Luz y sal del mundo: fragmento de Dios en nosotros - San Mateo 5, 13-16 -
Vosotros sois la sal, vosotros sois la luz. Sois como un instinto de vida que penetra en las cosas, como la sal, se opone a su degradación y las hace durar. Sois un instinto de belleza, que se posa en la superficie de las cosas, las acaricia, como la luz, y nunca hace violencia, sino que revela formas, colores, armonías y vínculos.
Así, el discípulo-luz es aquel que cada día acaricia
la vida y revela la belleza de las personas, aquel cuyos ojos irradian respeto
amoroso por todos los seres vivos.
Vosotros sois la sal, tenéis la tarea de preservar lo
que en el mundo vale y merece perdurar, de oponeros a lo que corrompe, de hacer
saborear el buen gusto de la vida.
Vosotros sois la luz del mundo. Una afirmación que nos sorprende, creemos que Dios
es luz; pero creer que también el hombre es luz, que yo también lo soy y tú
también, con nuestras limitaciones y nuestras sombras, esto es sorprendente. Y ya
lo somos ahora, si respiramos el Evangelio: la luz es el don natural de quien
ha respirado a Dios. Quien vive según el Evangelio es un puñado de luz arrojado
a la cara del mundo.
Y no erigiéndose en maestros o jueces, sino con
gestos: que vuestra luz brille en vuestras buenas obras. Son obras de
luz los gestos de los mansos, de los que tienen un corazón de niño, de los
hambrientos de justicia, de los que nunca se rinden en la búsqueda de la paz,
los gestos de las bienaventuranzas, que se oponen a lo que corrompe el camino
del mundo: la violencia y el dinero.
Cuando dos personas se aman en la tierra, realizan la
obra: se convierten en luz en la oscuridad, en lámpara para los pasos de
muchos, en placer de vivir y de creer. En cada casa donde se ama, se esparce la
sal que da buen sabor a la vida.
¡Me parece imposible que Jesús tenga tanta estima y
tanta confianza en estas criaturas suyas! Yo, que lo sé bien, no soy ni luz ni
sal. Sin embargo, el Evangelio me anima a tomar conciencia de ello: no te
detengas en la superficie de ti mismo, en la aspereza del barro del que estás
hecho, busca en lo profundo, hacia la celda secreta del corazón, desciende
a tu santuario y encontrarás una lámpara encendida, un puñado de sal: fragmento
de Dios en ti.
La humildad de la luz y de la sal: la luz no se
ilumina a sí misma, nadie come la sal sola. Así, cada discípulo debe aprender
su primera lección: partir de mí, pero no para mí.
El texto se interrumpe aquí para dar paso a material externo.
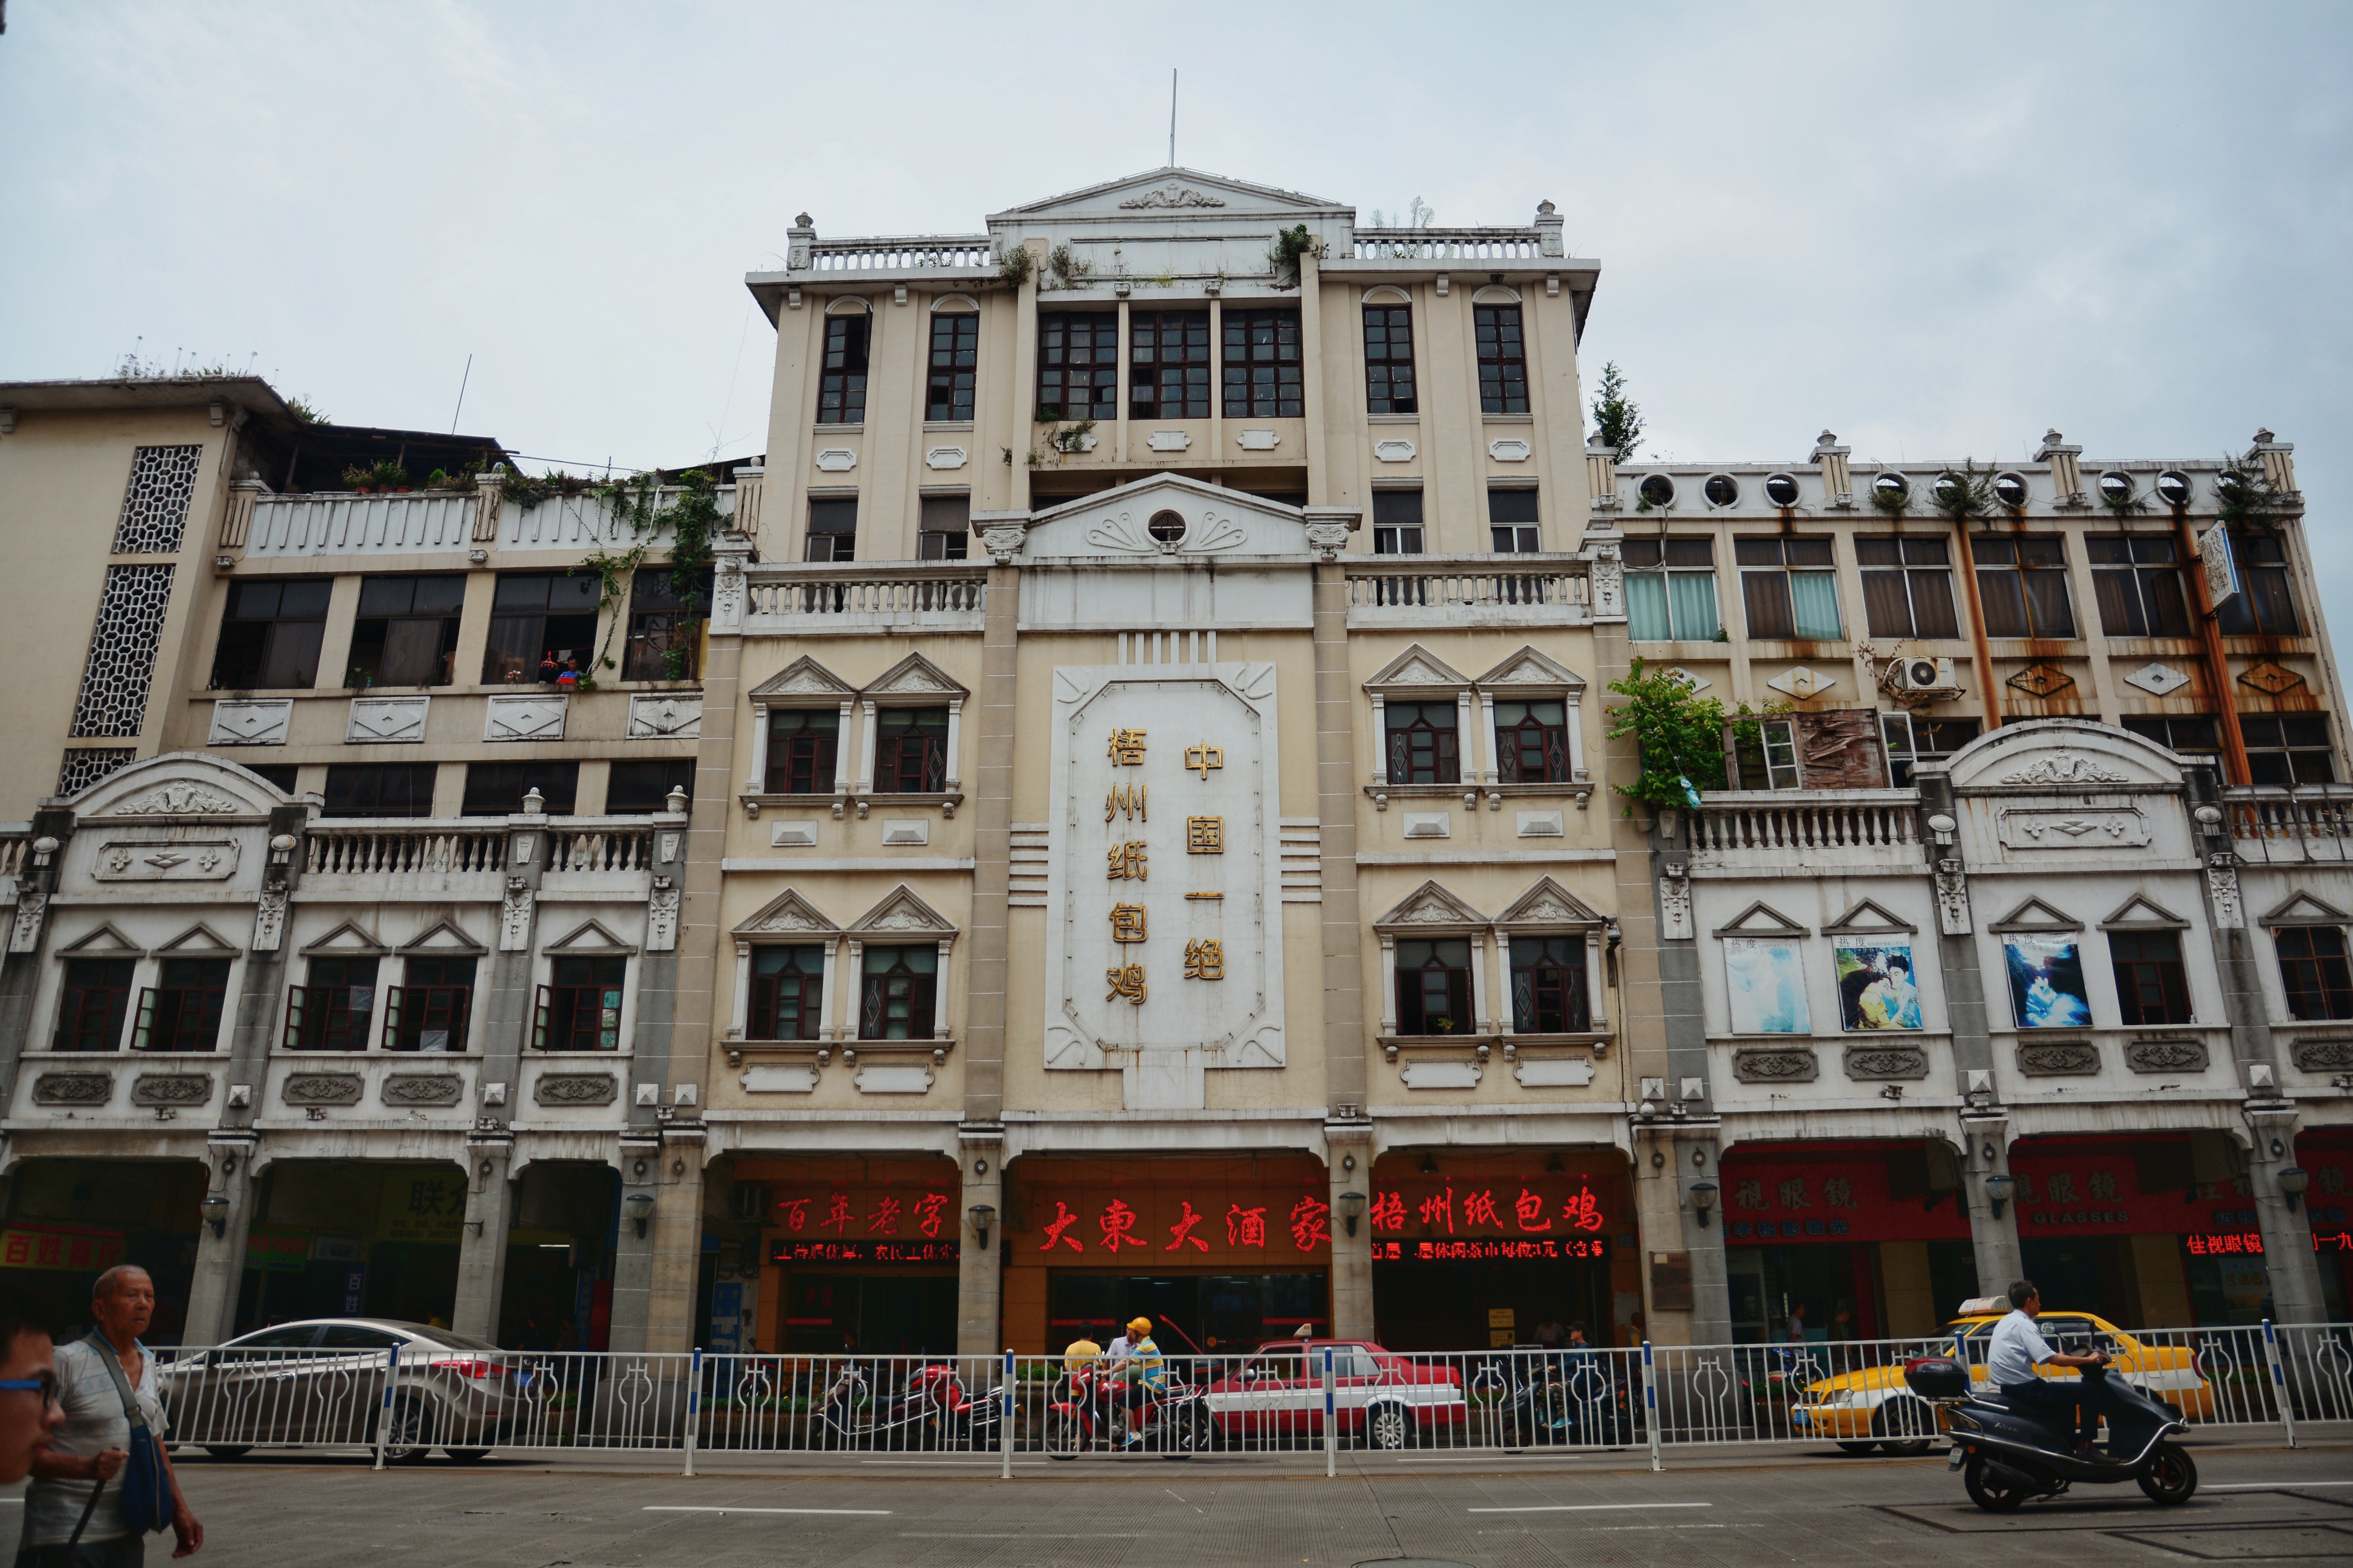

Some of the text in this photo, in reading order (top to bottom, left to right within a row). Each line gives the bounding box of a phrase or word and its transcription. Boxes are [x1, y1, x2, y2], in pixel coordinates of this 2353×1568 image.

La pobreza de la sal y de la luz es perderse en las
cosas, sin hacer ruido ni violencia, y resucitar con ellas.
Como sugiere el profeta Isaías: Ilumina a otros y te iluminarás,
cura a otros y sanará tu herida (Isaías 58,8).
No te quedes encorvado sobre tus historias y tus
derrotas, quien solo se mira a sí mismo nunca se ilumina. Ocúpate de la tierra
y de la ciudad, y tu luz surgirá como un mediodía soleado.